Mesela bu örgütlerden birisi, aylar öncesinde “Ramazan’da bize iyilik yaraşır” sloganıyla yoksullara ne kadar miktarda yardım edebileceklerini tespit eden bir tarife yayınladı. “Sevabın tarifesi” gibi bir şey...
Bu yüzden Ramazan, sözde “yardım örgütleri” için ciro açısından “11 ayın sultanı” olma özelliği taşıyor.

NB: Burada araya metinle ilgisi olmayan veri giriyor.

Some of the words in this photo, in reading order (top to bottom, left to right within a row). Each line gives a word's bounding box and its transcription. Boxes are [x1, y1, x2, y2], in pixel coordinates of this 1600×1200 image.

Bu türden “yardım örgütlerinin” gerçekte nasıl çalıştığı, Almanya’da ortaya çıkan “Deniz Feneri” skandalıyla açık olarak görülmüştü. Tesadüf o dur ki, 16 aydır Frankfurt’ta cezaevinde tutulan “Deniz Feneri”nin üç yöneticisi Ramazan’ın ilk gününde mahkeme karşısına çıkarak, “yoksullara yardım” adı altında topladıkları paraları nasıl da şahsi ve bağlı oldukları siyasi çevreler için amacına aykırı kullandıklarını itiraf ettiler.

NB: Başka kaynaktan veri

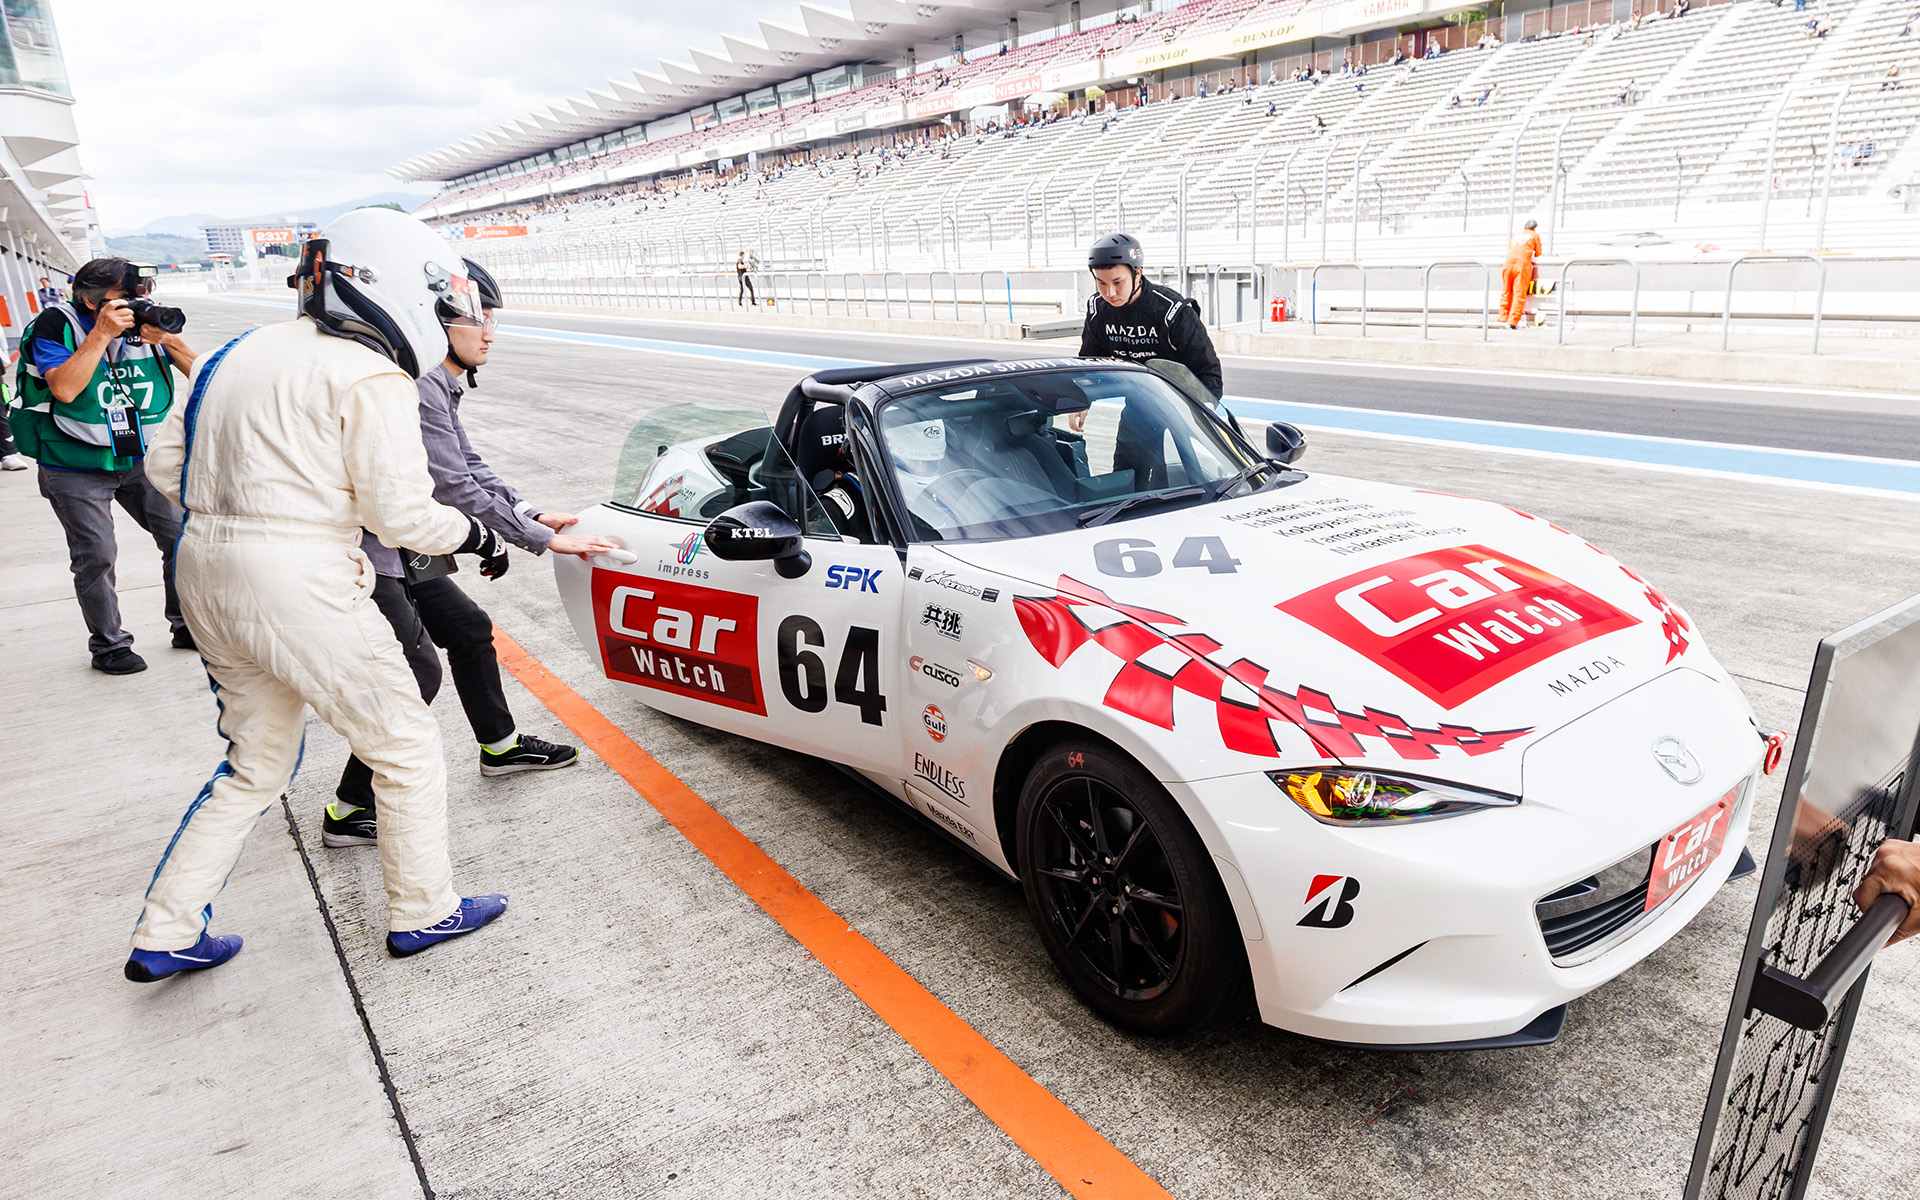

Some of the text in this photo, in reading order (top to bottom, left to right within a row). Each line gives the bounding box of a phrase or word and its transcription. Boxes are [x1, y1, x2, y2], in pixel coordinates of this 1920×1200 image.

[1362, 0, 1410, 17] YAMAHA
[1242, 24, 1295, 44] DUNLOP
[1144, 48, 1188, 65] DUNLOP
[996, 77, 1041, 99] NISSAN
[916, 97, 953, 115] NISSAN
[255, 231, 289, 242] 2317
[1105, 324, 1158, 338] MAZDA
[901, 366, 991, 388] MAZDA
[993, 359, 1058, 373] SPIRIT
[1220, 503, 1305, 522] Kusakabe
[1244, 510, 1320, 528] Ishikawa
[731, 527, 774, 539] KTEL
[1273, 515, 1362, 537] Kobayashi
[1304, 527, 1378, 545] Yamada
[1329, 532, 1418, 556] Nakanishi
[1093, 536, 1243, 578] 64
[658, 559, 709, 580] impress
[825, 563, 883, 594] SPK
[1334, 558, 1524, 638] Car
[609, 585, 738, 655] Car
[1432, 596, 1584, 662] Watch
[631, 645, 726, 693] Watch
[777, 614, 887, 727] 64
[923, 664, 960, 687] CUSCO
[1547, 655, 1625, 698] MAZDA
[924, 713, 947, 734] Gulf
[1068, 752, 1085, 768] 64
[915, 752, 966, 799] ENDLESS
[1663, 809, 1724, 871] Car
[1667, 846, 1709, 889] Watch

Topladıkları 41 milyon Avro’nun 18 milyonunun “amaca uygun kullanılmadığı” aşağı yukarı saptanmış durumda. Asya’da ve Afrika’da yaşanan açlıklar, acılar ve dramları kendisine sermaye yaparak, yoksullara gerçekten yardım etmek isteyen insanların güvenlerini ve inançlarını suiistimal eden bu derneğin topladığı paraların önemli bir bölümünün, hükümete yakın olan Kanal 7 Int adlı televizyon kanalına aktarıldığını 2 Aralık 2006’da ilk olarak Evrensel yazmıştı.
Yimpaş, Kombassan gibi İslami holdinglerin Avrupa’daki Türkiye kökenlilerin alın terine el konulması çerçevesinde yapılan araştırmada, Kanal 7 Int’in önce Yimpaş tarafından finanse edildiği, işler kötüye gitmeye başlayınca bu kez “Deniz Feneri” adıyla yapılan bir televizyon programı derneğe çevrilerek, kanala buradan reklam ve program giderleri adı altında para aktarılmaya devam edildiği ortaya çıkmıştı.
Dernek ve televizyon yöneticisinin aynı kişi olması nedeniyle ortaya çıkan ilişkiler sarmalında, bundan 20 ay önce Evrensel’in Avrupa baskısında manşetten sorduğumuz “Deniz Feneri kimin yolunu aydınlatıyor?” sorusu artık somut ilişki ve bulgularıyla yanıtsız değil.
Karanlıkta kalmış, dara düşmüş insanlara yol göstermek yerine ekonomik ve siyasi çıkar birliğinin, çevrelerin yolunu aydınlattığı sabitlenmiş durumda.
Milyonlarca Avro’nun “insani yardım” adına toplanması işi de “masumane” bir televizyon programından çıkmıştı...
Hem de yine Ramazan’da...
Halkın temiz duygularla yaptığı yardımları kendilerine sermaye edinenler, arsalar, katlar, yatlar aldı, şirketler kurdu.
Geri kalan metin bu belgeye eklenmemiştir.